» Dataset entries:
◇ ◇ ◇ ◇ ◇ ◇ ◇

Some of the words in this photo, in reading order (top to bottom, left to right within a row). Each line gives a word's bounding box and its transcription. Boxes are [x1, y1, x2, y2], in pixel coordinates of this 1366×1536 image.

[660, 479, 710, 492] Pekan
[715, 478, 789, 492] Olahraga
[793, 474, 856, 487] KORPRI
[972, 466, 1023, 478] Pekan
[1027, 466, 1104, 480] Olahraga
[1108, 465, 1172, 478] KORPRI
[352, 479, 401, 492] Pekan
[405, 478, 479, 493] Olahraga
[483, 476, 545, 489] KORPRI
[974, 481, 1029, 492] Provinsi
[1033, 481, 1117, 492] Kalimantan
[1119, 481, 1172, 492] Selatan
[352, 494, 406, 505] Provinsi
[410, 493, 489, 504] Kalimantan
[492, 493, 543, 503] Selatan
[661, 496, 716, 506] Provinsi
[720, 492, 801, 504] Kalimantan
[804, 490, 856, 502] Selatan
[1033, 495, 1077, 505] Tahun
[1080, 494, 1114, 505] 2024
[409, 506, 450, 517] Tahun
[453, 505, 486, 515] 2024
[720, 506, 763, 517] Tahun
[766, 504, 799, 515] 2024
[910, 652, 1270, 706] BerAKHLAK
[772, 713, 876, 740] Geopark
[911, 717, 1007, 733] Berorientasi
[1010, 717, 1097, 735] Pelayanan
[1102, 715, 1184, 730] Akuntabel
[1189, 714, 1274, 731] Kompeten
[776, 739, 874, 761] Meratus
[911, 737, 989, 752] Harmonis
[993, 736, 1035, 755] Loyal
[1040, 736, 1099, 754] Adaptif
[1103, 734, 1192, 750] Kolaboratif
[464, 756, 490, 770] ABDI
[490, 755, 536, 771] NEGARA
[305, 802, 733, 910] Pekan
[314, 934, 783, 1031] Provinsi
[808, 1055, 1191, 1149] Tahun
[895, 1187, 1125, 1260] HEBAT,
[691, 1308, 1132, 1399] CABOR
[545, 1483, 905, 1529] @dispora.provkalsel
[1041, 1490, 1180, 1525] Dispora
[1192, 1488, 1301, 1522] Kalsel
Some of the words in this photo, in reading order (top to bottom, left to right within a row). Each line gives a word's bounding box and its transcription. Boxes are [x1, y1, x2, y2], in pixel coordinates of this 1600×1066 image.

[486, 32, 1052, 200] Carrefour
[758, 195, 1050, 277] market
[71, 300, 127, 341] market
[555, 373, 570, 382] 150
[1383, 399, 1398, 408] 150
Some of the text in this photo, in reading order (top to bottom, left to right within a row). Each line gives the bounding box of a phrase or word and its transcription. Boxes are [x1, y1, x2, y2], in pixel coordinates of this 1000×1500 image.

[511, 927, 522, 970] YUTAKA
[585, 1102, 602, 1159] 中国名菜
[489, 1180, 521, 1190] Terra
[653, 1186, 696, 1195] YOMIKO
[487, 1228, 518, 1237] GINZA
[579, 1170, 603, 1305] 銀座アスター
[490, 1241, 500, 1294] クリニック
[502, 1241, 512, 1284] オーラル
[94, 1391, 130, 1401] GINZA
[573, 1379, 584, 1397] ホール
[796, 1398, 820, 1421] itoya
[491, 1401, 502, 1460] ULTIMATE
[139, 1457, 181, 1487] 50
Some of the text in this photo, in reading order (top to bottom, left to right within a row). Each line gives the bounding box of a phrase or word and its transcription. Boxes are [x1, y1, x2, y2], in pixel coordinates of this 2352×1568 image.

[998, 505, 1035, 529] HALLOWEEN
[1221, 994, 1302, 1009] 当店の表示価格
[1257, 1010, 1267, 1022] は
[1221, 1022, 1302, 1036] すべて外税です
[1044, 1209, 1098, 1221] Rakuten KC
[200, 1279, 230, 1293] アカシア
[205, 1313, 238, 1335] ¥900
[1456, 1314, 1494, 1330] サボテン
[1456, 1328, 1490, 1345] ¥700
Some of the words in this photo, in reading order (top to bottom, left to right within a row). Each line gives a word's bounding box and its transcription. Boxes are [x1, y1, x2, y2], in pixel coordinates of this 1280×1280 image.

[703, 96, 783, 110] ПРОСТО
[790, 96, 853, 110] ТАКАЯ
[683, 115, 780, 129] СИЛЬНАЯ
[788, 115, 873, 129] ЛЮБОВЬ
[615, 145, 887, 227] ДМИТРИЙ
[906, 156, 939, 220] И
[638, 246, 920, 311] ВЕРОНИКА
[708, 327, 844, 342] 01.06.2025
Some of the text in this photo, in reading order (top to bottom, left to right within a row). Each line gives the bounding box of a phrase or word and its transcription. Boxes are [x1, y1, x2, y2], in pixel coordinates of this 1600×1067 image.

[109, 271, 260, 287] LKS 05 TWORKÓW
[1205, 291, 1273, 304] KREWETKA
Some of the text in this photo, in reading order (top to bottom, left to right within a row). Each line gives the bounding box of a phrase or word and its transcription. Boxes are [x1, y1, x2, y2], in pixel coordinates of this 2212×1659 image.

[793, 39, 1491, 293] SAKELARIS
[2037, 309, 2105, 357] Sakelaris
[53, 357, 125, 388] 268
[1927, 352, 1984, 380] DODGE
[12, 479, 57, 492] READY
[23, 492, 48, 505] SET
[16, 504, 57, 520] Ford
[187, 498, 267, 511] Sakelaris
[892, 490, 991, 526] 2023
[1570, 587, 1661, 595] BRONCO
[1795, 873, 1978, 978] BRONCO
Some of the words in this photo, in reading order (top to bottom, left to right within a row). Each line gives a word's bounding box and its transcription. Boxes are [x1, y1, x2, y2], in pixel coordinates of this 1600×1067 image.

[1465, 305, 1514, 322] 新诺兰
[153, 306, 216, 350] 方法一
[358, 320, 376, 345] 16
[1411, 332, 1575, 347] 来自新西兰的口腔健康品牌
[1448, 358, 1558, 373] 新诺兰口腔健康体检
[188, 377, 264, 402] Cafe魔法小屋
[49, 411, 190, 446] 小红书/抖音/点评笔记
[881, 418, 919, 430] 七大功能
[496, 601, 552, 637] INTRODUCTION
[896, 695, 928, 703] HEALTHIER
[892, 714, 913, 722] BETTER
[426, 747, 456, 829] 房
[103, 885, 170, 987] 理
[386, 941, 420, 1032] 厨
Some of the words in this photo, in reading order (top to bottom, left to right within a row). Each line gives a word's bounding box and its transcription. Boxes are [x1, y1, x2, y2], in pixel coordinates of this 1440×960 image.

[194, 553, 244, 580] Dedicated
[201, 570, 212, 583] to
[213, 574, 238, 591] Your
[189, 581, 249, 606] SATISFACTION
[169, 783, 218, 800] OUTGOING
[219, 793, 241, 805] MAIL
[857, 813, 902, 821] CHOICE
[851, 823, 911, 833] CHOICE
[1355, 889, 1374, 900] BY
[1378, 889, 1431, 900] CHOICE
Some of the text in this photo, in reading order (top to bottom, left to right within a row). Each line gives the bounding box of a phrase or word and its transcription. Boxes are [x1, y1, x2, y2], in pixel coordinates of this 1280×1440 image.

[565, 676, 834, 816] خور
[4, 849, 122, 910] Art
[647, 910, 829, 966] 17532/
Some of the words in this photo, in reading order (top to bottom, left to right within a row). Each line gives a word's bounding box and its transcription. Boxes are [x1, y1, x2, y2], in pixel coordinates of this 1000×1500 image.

◇ ◇ ◇ ◇ ◇ ◇ ◇

» What to produce:
Copy the data above in full, exactly as it reads.

» Response to the task:
Some of the words in this photo, in reading order (top to bottom, left to right within a row). Each line gives a word's bounding box and its transcription. Boxes are [x1, y1, x2, y2], in pixel coordinates of this 1366×1536 image.

[660, 479, 710, 492] Pekan
[715, 478, 789, 492] Olahraga
[793, 474, 856, 487] KORPRI
[972, 466, 1023, 478] Pekan
[1027, 466, 1104, 480] Olahraga
[1108, 465, 1172, 478] KORPRI
[352, 479, 401, 492] Pekan
[405, 478, 479, 493] Olahraga
[483, 476, 545, 489] KORPRI
[974, 481, 1029, 492] Provinsi
[1033, 481, 1117, 492] Kalimantan
[1119, 481, 1172, 492] Selatan
[352, 494, 406, 505] Provinsi
[410, 493, 489, 504] Kalimantan
[492, 493, 543, 503] Selatan
[661, 496, 716, 506] Provinsi
[720, 492, 801, 504] Kalimantan
[804, 490, 856, 502] Selatan
[1033, 495, 1077, 505] Tahun
[1080, 494, 1114, 505] 2024
[409, 506, 450, 517] Tahun
[453, 505, 486, 515] 2024
[720, 506, 763, 517] Tahun
[766, 504, 799, 515] 2024
[910, 652, 1270, 706] BerAKHLAK
[772, 713, 876, 740] Geopark
[911, 717, 1007, 733] Berorientasi
[1010, 717, 1097, 735] Pelayanan
[1102, 715, 1184, 730] Akuntabel
[1189, 714, 1274, 731] Kompeten
[776, 739, 874, 761] Meratus
[911, 737, 989, 752] Harmonis
[993, 736, 1035, 755] Loyal
[1040, 736, 1099, 754] Adaptif
[1103, 734, 1192, 750] Kolaboratif
[464, 756, 490, 770] ABDI
[490, 755, 536, 771] NEGARA
[305, 802, 733, 910] Pekan
[314, 934, 783, 1031] Provinsi
[808, 1055, 1191, 1149] Tahun
[895, 1187, 1125, 1260] HEBAT,
[691, 1308, 1132, 1399] CABOR
[545, 1483, 905, 1529] @dispora.provkalsel
[1041, 1490, 1180, 1525] Dispora
[1192, 1488, 1301, 1522] Kalsel
Some of the words in this photo, in reading order (top to bottom, left to right within a row). Each line gives a word's bounding box and its transcription. Boxes are [x1, y1, x2, y2], in pixel coordinates of this 1600×1066 image.

[486, 32, 1052, 200] Carrefour
[758, 195, 1050, 277] market
[71, 300, 127, 341] market
[555, 373, 570, 382] 150
[1383, 399, 1398, 408] 150
Some of the text in this photo, in reading order (top to bottom, left to right within a row). Each line gives the bounding box of a phrase or word and its transcription. Boxes are [x1, y1, x2, y2], in pixel coordinates of this 1000×1500 image.

[511, 927, 522, 970] YUTAKA
[585, 1102, 602, 1159] 中国名菜
[489, 1180, 521, 1190] Terra
[653, 1186, 696, 1195] YOMIKO
[487, 1228, 518, 1237] GINZA
[579, 1170, 603, 1305] 銀座アスター
[490, 1241, 500, 1294] クリニック
[502, 1241, 512, 1284] オーラル
[94, 1391, 130, 1401] GINZA
[573, 1379, 584, 1397] ホール
[796, 1398, 820, 1421] itoya
[491, 1401, 502, 1460] ULTIMATE
[139, 1457, 181, 1487] 50
Some of the text in this photo, in reading order (top to bottom, left to right within a row). Each line gives the bounding box of a phrase or word and its transcription. Boxes are [x1, y1, x2, y2], in pixel coordinates of this 2352×1568 image.

[998, 505, 1035, 529] HALLOWEEN
[1221, 994, 1302, 1009] 当店の表示価格
[1257, 1010, 1267, 1022] は
[1221, 1022, 1302, 1036] すべて外税です
[1044, 1209, 1098, 1221] Rakuten KC
[200, 1279, 230, 1293] アカシア
[205, 1313, 238, 1335] ¥900
[1456, 1314, 1494, 1330] サボテン
[1456, 1328, 1490, 1345] ¥700
Some of the words in this photo, in reading order (top to bottom, left to right within a row). Each line gives a word's bounding box and its transcription. Boxes are [x1, y1, x2, y2], in pixel coordinates of this 1280×1280 image.

[703, 96, 783, 110] ПРОСТО
[790, 96, 853, 110] ТАКАЯ
[683, 115, 780, 129] СИЛЬНАЯ
[788, 115, 873, 129] ЛЮБОВЬ
[615, 145, 887, 227] ДМИТРИЙ
[906, 156, 939, 220] И
[638, 246, 920, 311] ВЕРОНИКА
[708, 327, 844, 342] 01.06.2025
Some of the text in this photo, in reading order (top to bottom, left to right within a row). Each line gives the bounding box of a phrase or word and its transcription. Boxes are [x1, y1, x2, y2], in pixel coordinates of this 1600×1067 image.

[109, 271, 260, 287] LKS 05 TWORKÓW
[1205, 291, 1273, 304] KREWETKA
Some of the text in this photo, in reading order (top to bottom, left to right within a row). Each line gives the bounding box of a phrase or word and its transcription. Boxes are [x1, y1, x2, y2], in pixel coordinates of this 2212×1659 image.

[793, 39, 1491, 293] SAKELARIS
[2037, 309, 2105, 357] Sakelaris
[53, 357, 125, 388] 268
[1927, 352, 1984, 380] DODGE
[12, 479, 57, 492] READY
[23, 492, 48, 505] SET
[16, 504, 57, 520] Ford
[187, 498, 267, 511] Sakelaris
[892, 490, 991, 526] 2023
[1570, 587, 1661, 595] BRONCO
[1795, 873, 1978, 978] BRONCO
Some of the words in this photo, in reading order (top to bottom, left to right within a row). Each line gives a word's bounding box and its transcription. Boxes are [x1, y1, x2, y2], in pixel coordinates of this 1600×1067 image.

[1465, 305, 1514, 322] 新诺兰
[153, 306, 216, 350] 方法一
[358, 320, 376, 345] 16
[1411, 332, 1575, 347] 来自新西兰的口腔健康品牌
[1448, 358, 1558, 373] 新诺兰口腔健康体检
[188, 377, 264, 402] Cafe魔法小屋
[49, 411, 190, 446] 小红书/抖音/点评笔记
[881, 418, 919, 430] 七大功能
[496, 601, 552, 637] INTRODUCTION
[896, 695, 928, 703] HEALTHIER
[892, 714, 913, 722] BETTER
[426, 747, 456, 829] 房
[103, 885, 170, 987] 理
[386, 941, 420, 1032] 厨
Some of the words in this photo, in reading order (top to bottom, left to right within a row). Each line gives a word's bounding box and its transcription. Boxes are [x1, y1, x2, y2], in pixel coordinates of this 1440×960 image.

[194, 553, 244, 580] Dedicated
[201, 570, 212, 583] to
[213, 574, 238, 591] Your
[189, 581, 249, 606] SATISFACTION
[169, 783, 218, 800] OUTGOING
[219, 793, 241, 805] MAIL
[857, 813, 902, 821] CHOICE
[851, 823, 911, 833] CHOICE
[1355, 889, 1374, 900] BY
[1378, 889, 1431, 900] CHOICE
Some of the text in this photo, in reading order (top to bottom, left to right within a row). Each line gives the bounding box of a phrase or word and its transcription. Boxes are [x1, y1, x2, y2], in pixel coordinates of this 1280×1440 image.

[565, 676, 834, 816] خور
[4, 849, 122, 910] Art
[647, 910, 829, 966] 17532/
Some of the words in this photo, in reading order (top to bottom, left to right within a row). Each line gives a word's bounding box and its transcription. Boxes are [x1, y1, x2, y2], in pixel coordinates of this 1000×1500 image.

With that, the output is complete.